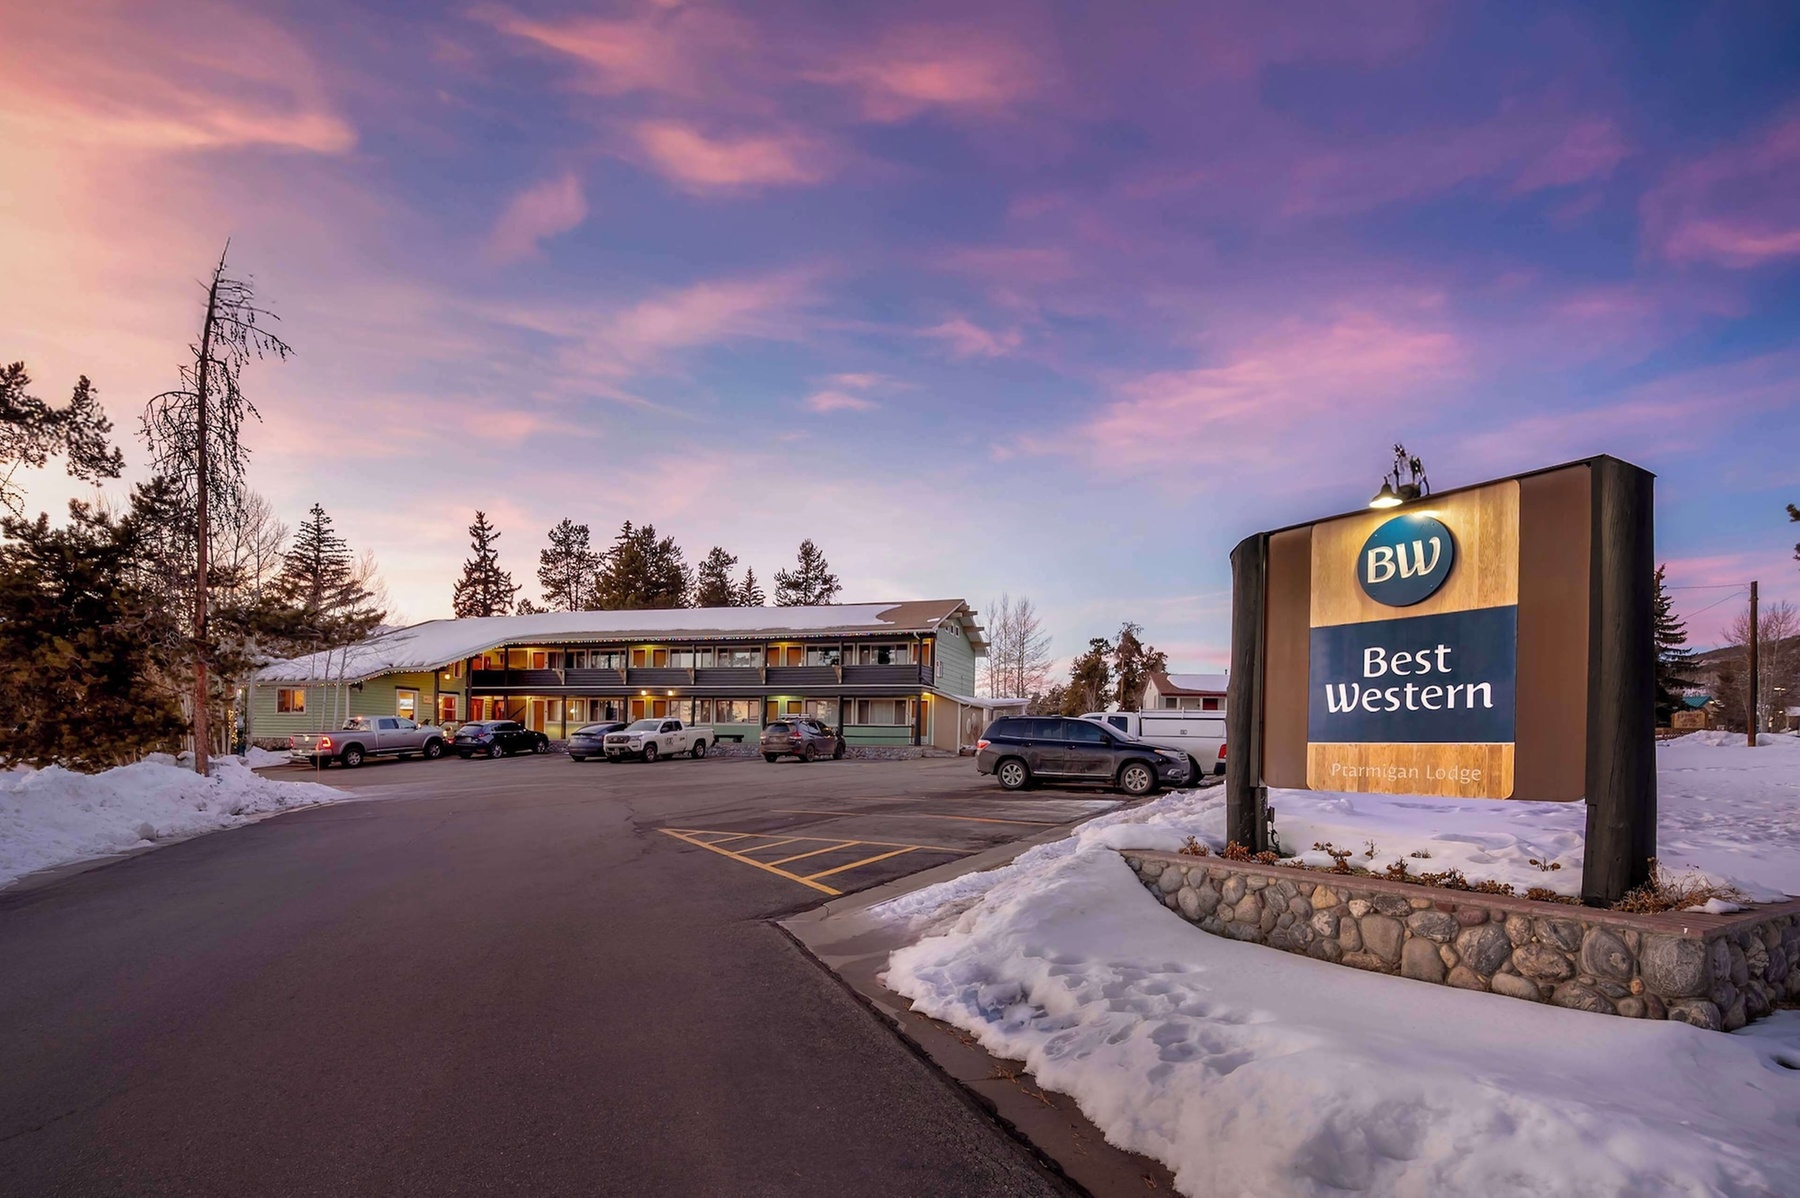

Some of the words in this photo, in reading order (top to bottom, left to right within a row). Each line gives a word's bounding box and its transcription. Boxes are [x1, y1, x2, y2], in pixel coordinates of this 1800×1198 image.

[1367, 536, 1441, 584] BW
[1363, 644, 1452, 678] Best
[1325, 681, 1494, 713] Western
[1331, 762, 1419, 782] Ptarmigan
[1426, 765, 1482, 784] Lodge

▶ Task item:
The expected result is the material restated word for word, minus any picture.

▶ Result:
Some of the words in this photo, in reading order (top to bottom, left to right within a row). Each line gives a word's bounding box and its transcription. Boxes are [x1, y1, x2, y2], in pixel coordinates of this 1800×1198 image.

[1367, 536, 1441, 584] BW
[1363, 644, 1452, 678] Best
[1325, 681, 1494, 713] Western
[1331, 762, 1419, 782] Ptarmigan
[1426, 765, 1482, 784] Lodge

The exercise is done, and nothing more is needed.